COMPOUNDS INTO → Training Readiness, Career Sustainability, Stress
10
Career Sustainability
Burnout vulnerability and long-term resilience outlook
Career sustainability is the aggregate output of all nine preceding indicators. A pilot with strong individual scores across most indicators can still carry a critical sustainability risk if two or three compounding factors are simultaneously under pressure. This is the failure mode that the Vexeom framework is specifically designed to detect — not the single catastrophic indicator, but the quiet convergence of moderate risks that individually would not trigger concern but collectively constitute an active failure chain.
SUMMARY INDICATOR — Receives compound input from all 9 preceding indicators

The chains Vexeom maps. Not hypothetical. Documented.

CHAIN 01 — THE FINANCIAL CASCADE
Financial Pressure → Excess Working Hours → Sleep Reduction → Recovery Failure → Fatigue Accumulation → Cognitive Degradation → Training Performance Decline → Dropout Risk
Most common chain in UK flight school withdrawal data.

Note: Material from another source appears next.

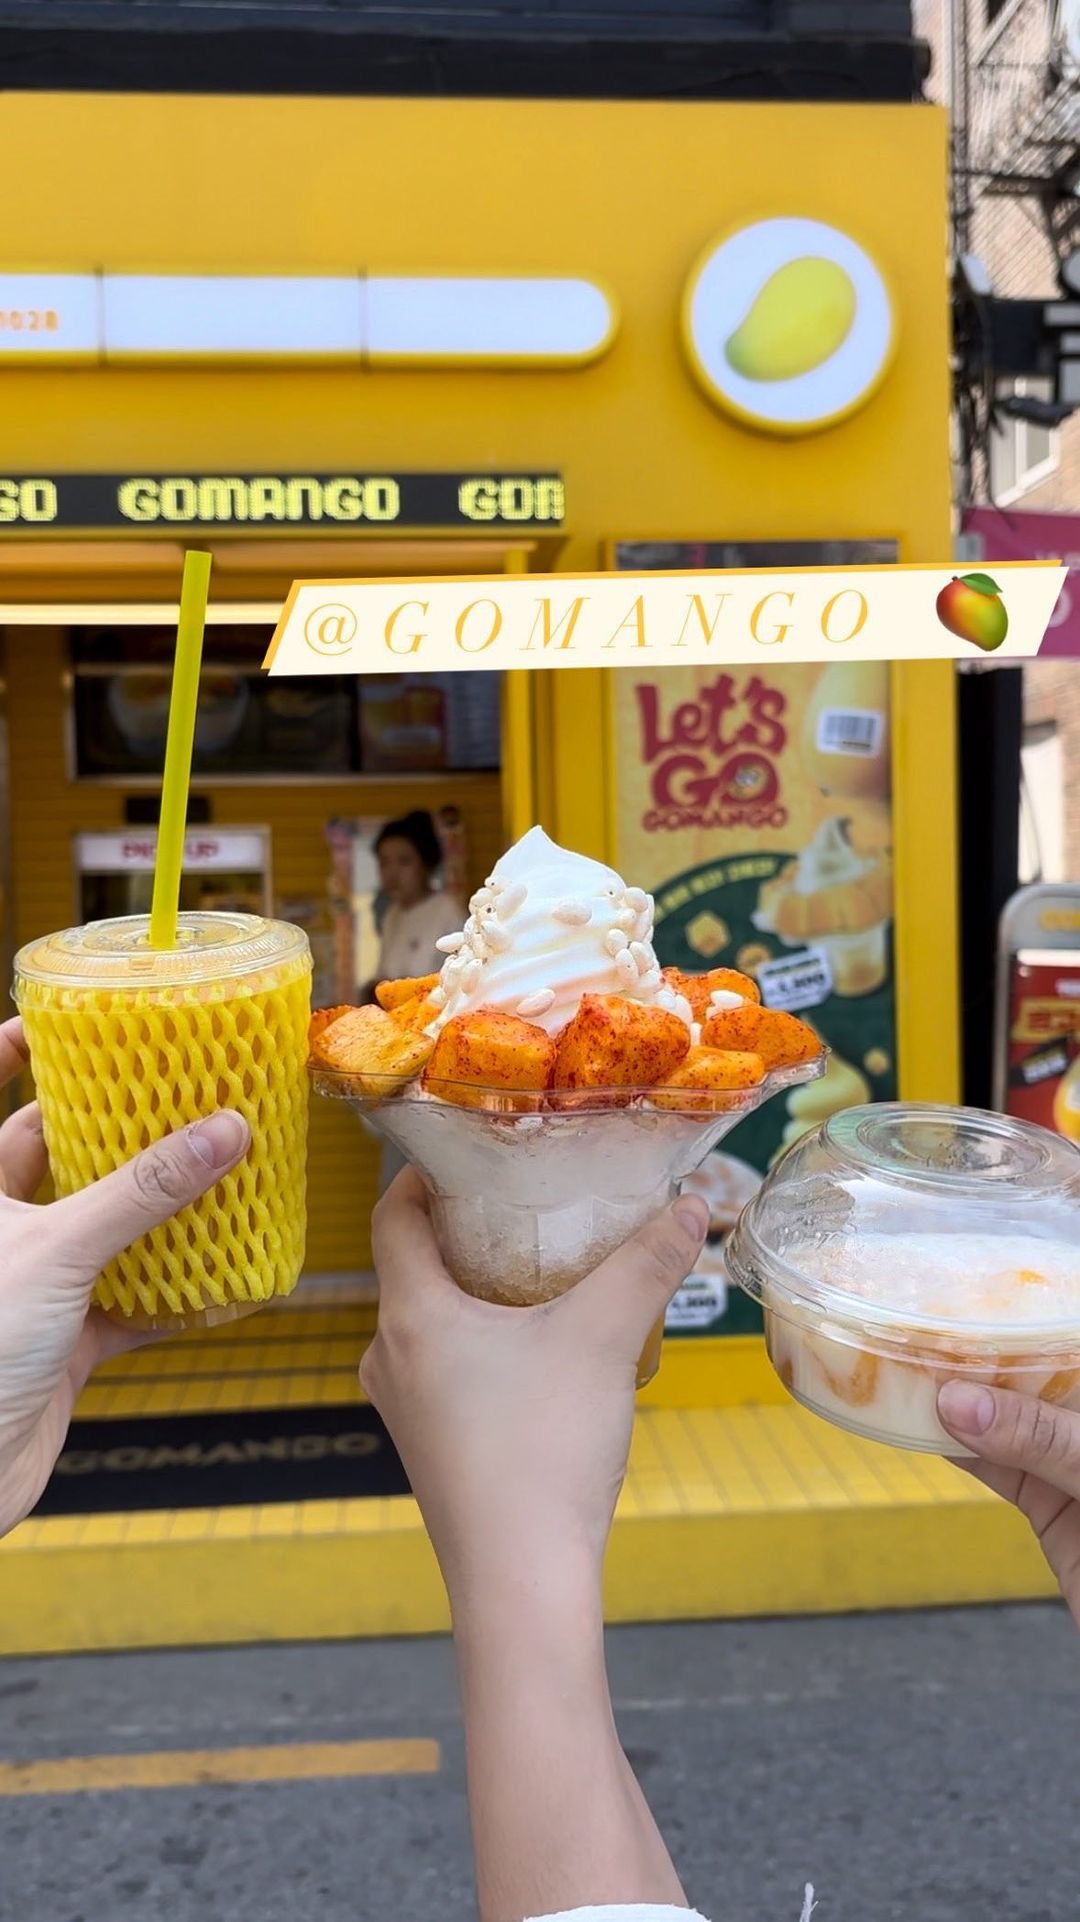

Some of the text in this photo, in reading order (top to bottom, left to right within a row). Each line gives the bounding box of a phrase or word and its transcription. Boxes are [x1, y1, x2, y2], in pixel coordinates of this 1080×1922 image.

[117, 477, 400, 521] GOMANGO
[634, 673, 788, 765] Let's
[652, 751, 780, 807] GO

Entry point is almost always financial pressure appearing 4–8 months before training departure.
CHAIN 02 — THE SILENT BURNOUT
High Motivation → Overtraining → Recovery Neglect → Circadian Disruption → Cognitive Load Accumulation → Motivation Collapse → Career Departure
Paradoxically affects the most motivated candidates. High initial drive masks recovery failure until the cognitive and motivational collapse is already advanced.
CHAIN 03 — THE LIFESTYLE FAULT LINE
Relationship Instability → Chronic Stress Elevation → Sleep Disruption → Fatigue → Concentration Failure → Training Inconsistency → Performance Decline
Environmental stressors outside training are formally recognised by the CAA as contributors to cognitive reserve depletion in operational pilots.
CHAIN 04 — THE SELECTION AMBUSH
Unmanaged Cognitive Load → Absent Self-Assessment Baseline → No Psychometric Preparation → AI Screening Underperformance → Selection Failure
Emerging chain as AI psychometric tools become standard at 82% of airlines. Candidates who have not actively managed cognitive profile during training are identified as high-risk at selection.